=== Problem description ===
Output all the entries word for word. Omit the pictures.

[Items from a dataset]
--- START ---
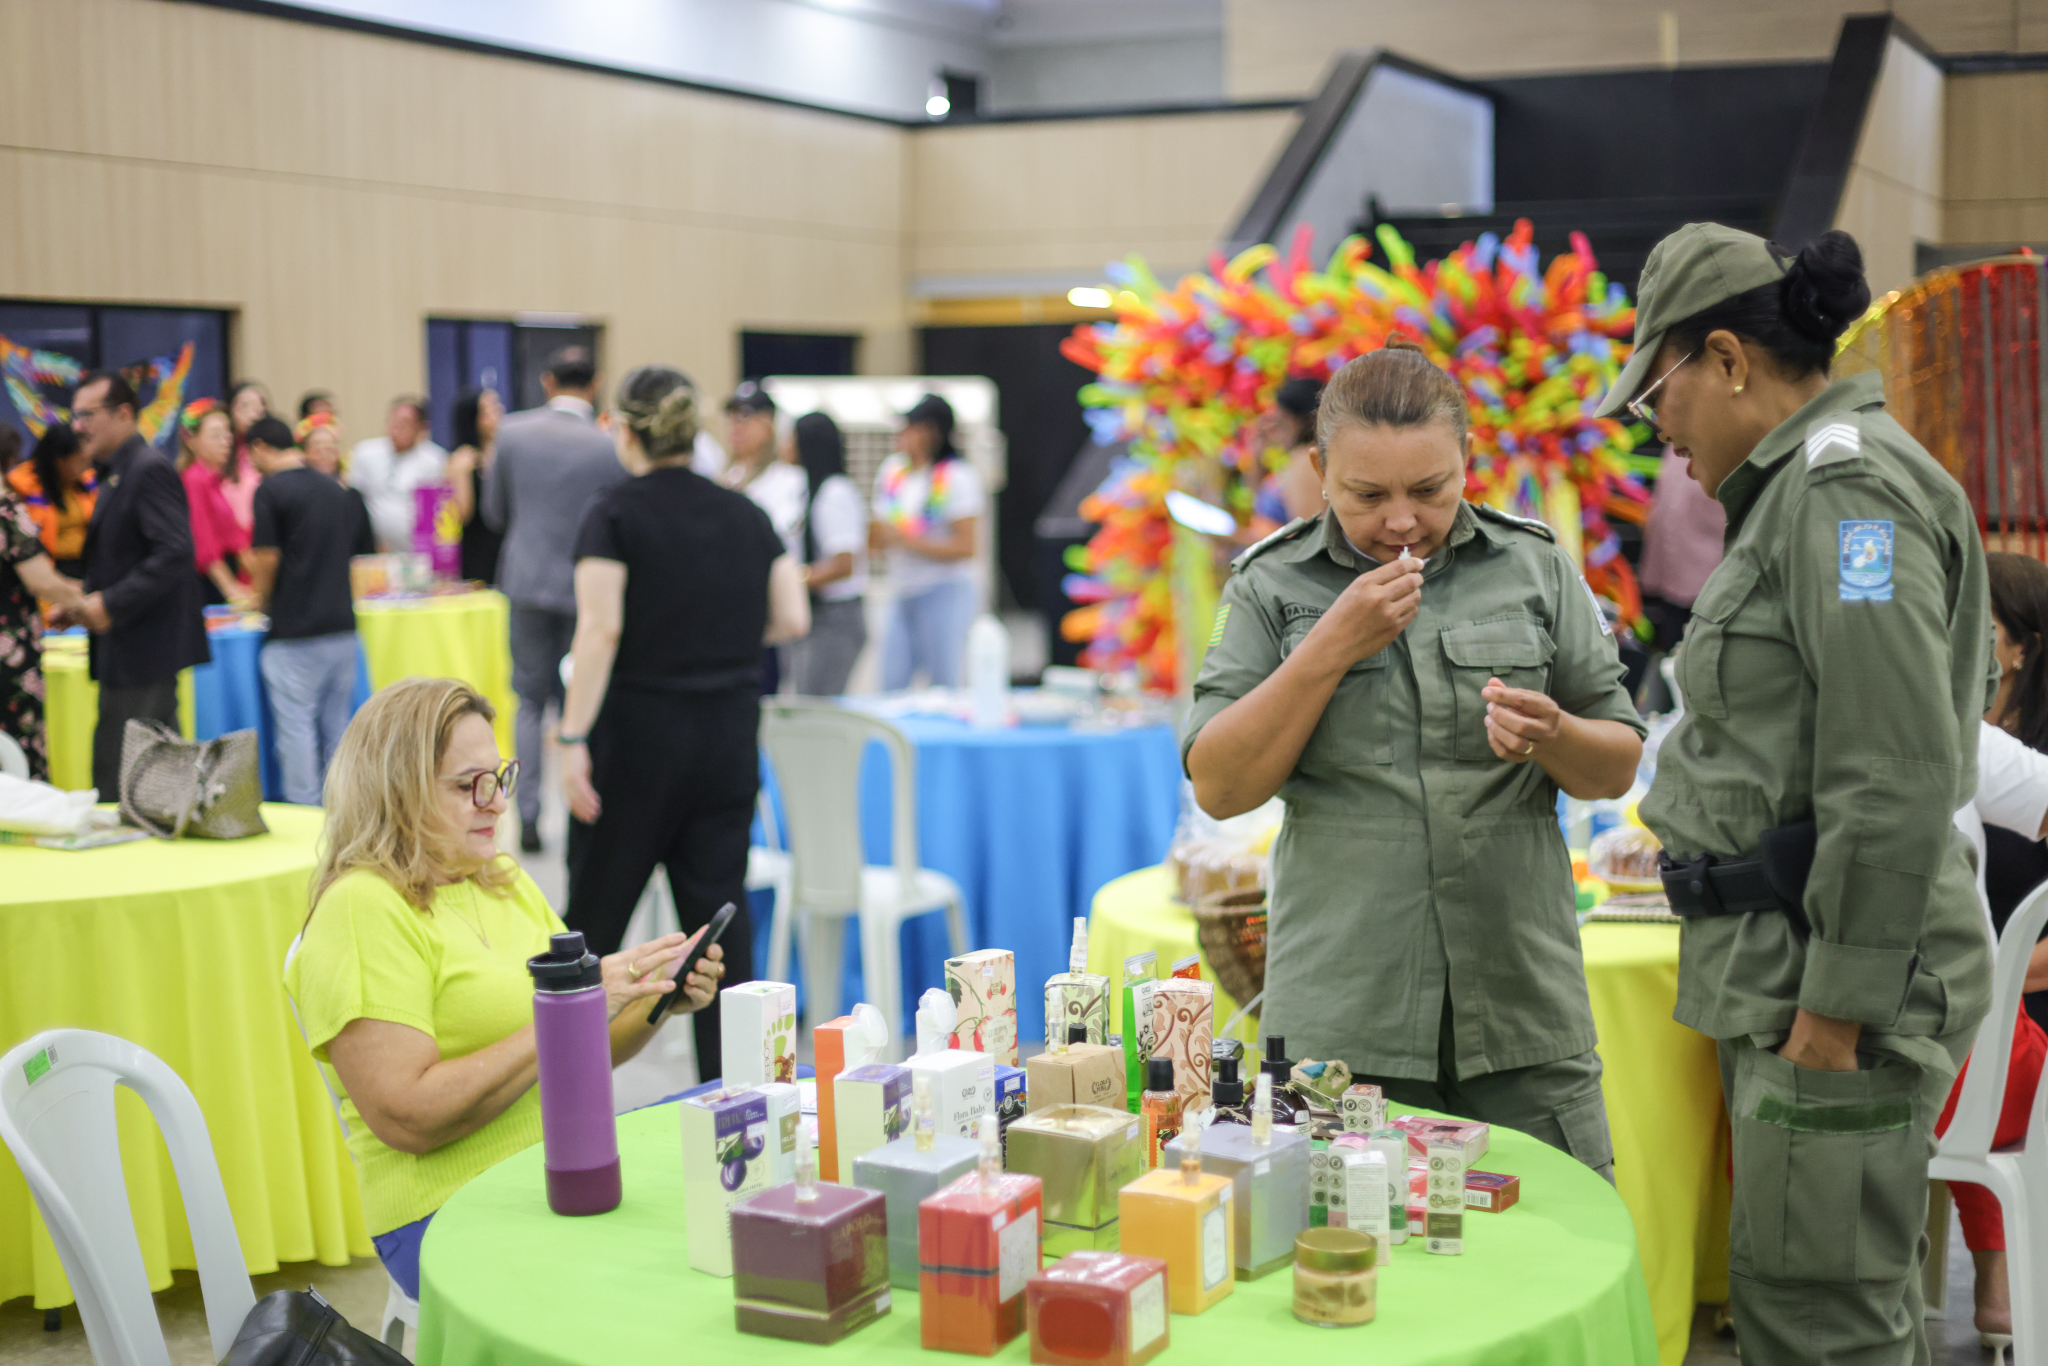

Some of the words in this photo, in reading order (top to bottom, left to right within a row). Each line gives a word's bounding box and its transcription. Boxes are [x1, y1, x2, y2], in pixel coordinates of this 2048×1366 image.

[1286, 606, 1326, 617] PATRI
[953, 1110, 969, 1122] Flora
[970, 1104, 986, 1115] Baby
[781, 1134, 797, 1144] HELEN
--- END ---
=== Your solution ===
Some of the words in this photo, in reading order (top to bottom, left to right within a row). Each line gives a word's bounding box and its transcription. Boxes are [x1, y1, x2, y2], in pixel coordinates of this 2048×1366 image.

[1286, 606, 1326, 617] PATRI
[953, 1110, 969, 1122] Flora
[970, 1104, 986, 1115] Baby
[781, 1134, 797, 1144] HELEN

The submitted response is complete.